MaxxArcher opened this issue on Aug 31, 2002 ยท 52 posts
EricofSD posted Sat, 31 August 2002 at 10:06 PM
Bottom line, the honest will pay the price for the warez kiddies who cause this sort of protection to be necessary. There was a time when the vaporware industry used to put out such crap that it often didn't work at all or worse yet, blow the boot sector on install. There were no demos. No refunds. Industry won. Dot com companies raped the american commerce, sold stock to investors, and got rich. Warez argued that they were providing a service to people by letting them test the software before they bought. That doesn't pass the laugh test, but it did fix the problem of bad software cuz folks didn't buy once they saw how it failed. It also forced many in the industry to release demos. Dot com vaporware was exposed and fell. Unfortunately, a lot of investors lost their money. The stock market has been recoiling ever since. Now there's no legitimate use for warez at all. But folks still continue to do so and thereby causing companies to protect themselves. This protection was simple in the early days, but warez kept on hacking. Now the protection comes with a burden on the legitimate buyer. The buyer must stand on his head for each piece of software he uses in order to make it work. Industry wins again. Get used to it. By the way, did anyone ever think that part of this protection scheme is to prevent the use of a product on multiple workstations? SoftImage, EI, LW, Maya, Max, MS... all of them have an interest in licensing per workstation and there's reason for Poser to join that crowd. Poser is moving to the pro world. Would you expect to pay as much for poser in your home as a large movie production company would pay for a 400 machine environment? No? Well, then, the key would be to charge them more and you less. Charge by machine. The only problem I have with this is that I don't want to buy Poser a second time when I upgrade my machine.
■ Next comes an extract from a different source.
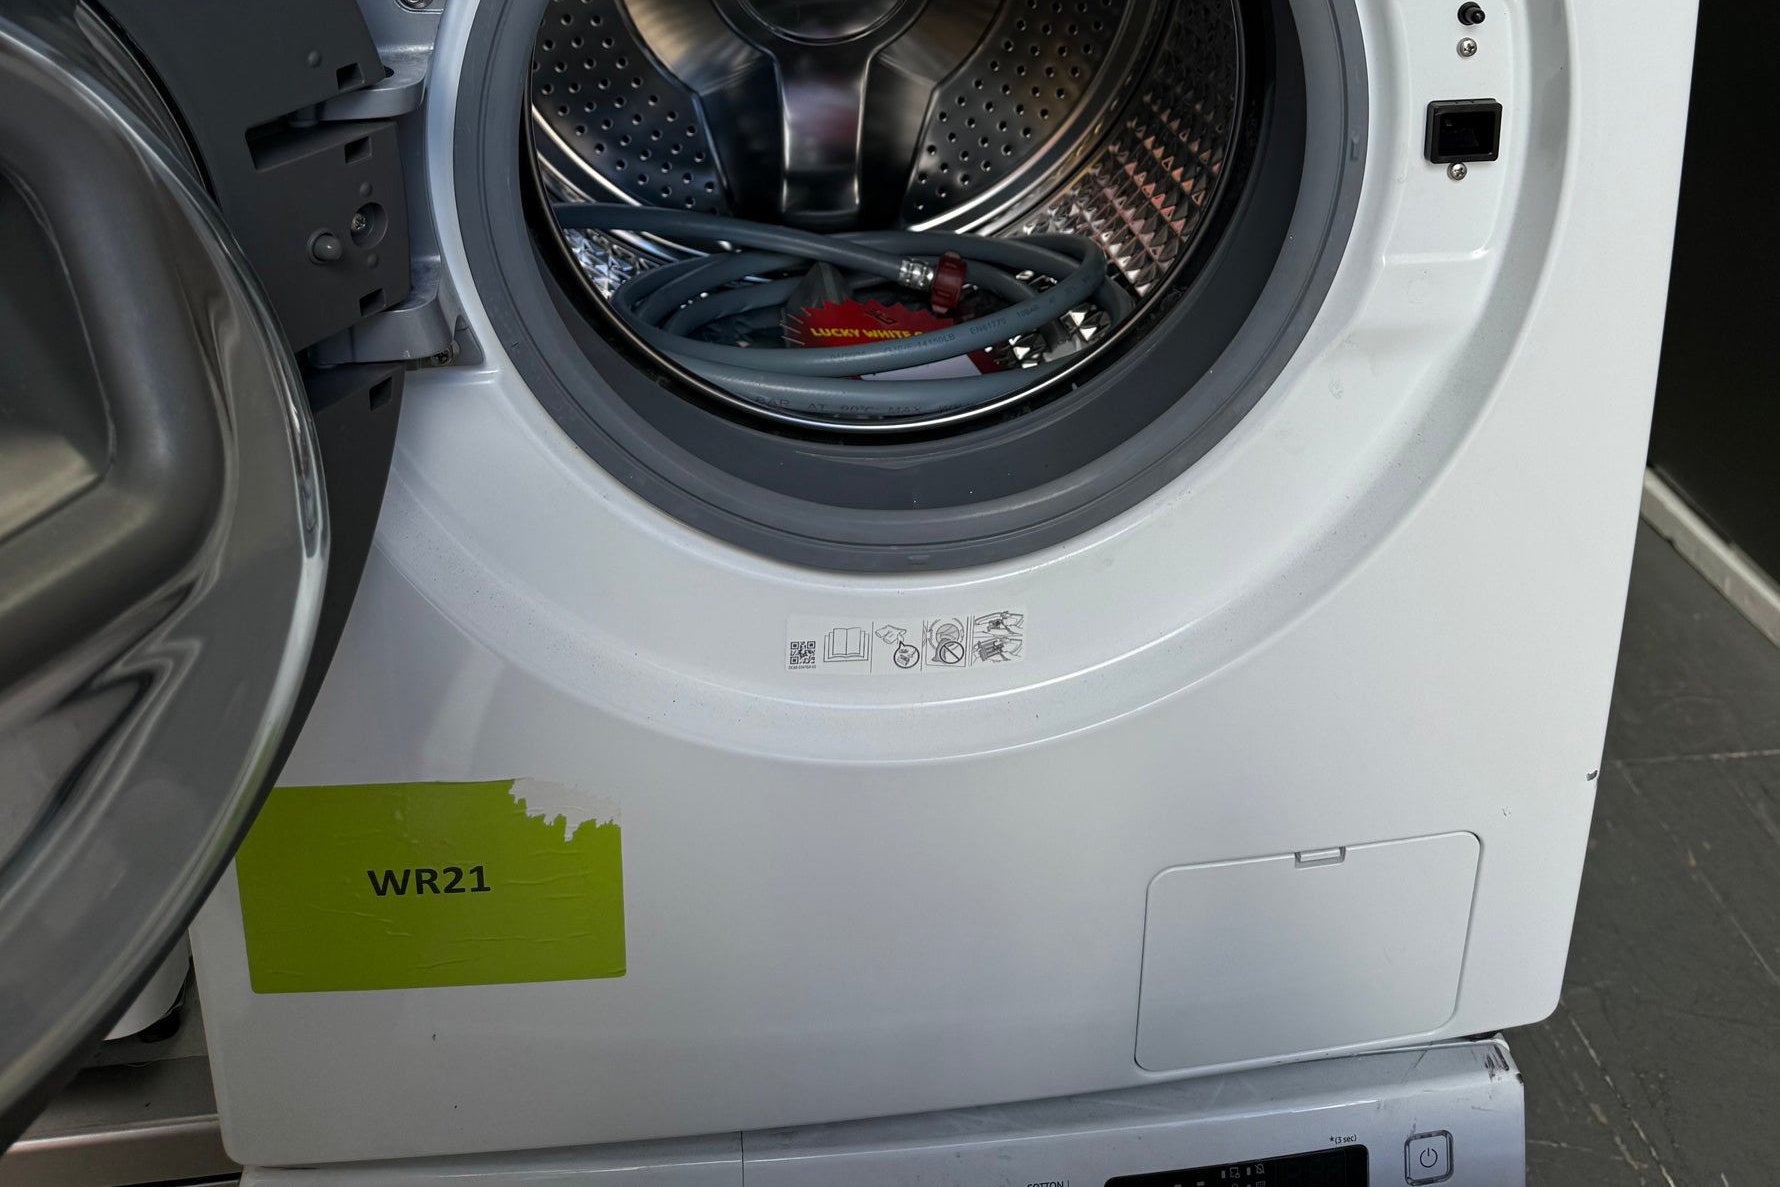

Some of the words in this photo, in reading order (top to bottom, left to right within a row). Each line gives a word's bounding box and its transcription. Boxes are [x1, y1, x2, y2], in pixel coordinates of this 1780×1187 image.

[810, 327, 860, 337] LUCKY
[862, 329, 910, 339] WHITE
[366, 865, 491, 897] WR21
So I agree, there has to be a better way. But as long as the better way is controlled by a program such as suggested above, or one that generates a second key based on last name, etc, it can be hacked. Right now the only way to really control is with a hardware dongle. Its easier for the DOJ to arrest folks selling fake dongles than it is to track down the myriad of electronic cracks throughout the world. But hardware dongles cost money for the company. Activation codes shift that cost onto the consumer. So get used to it. Industry wins again.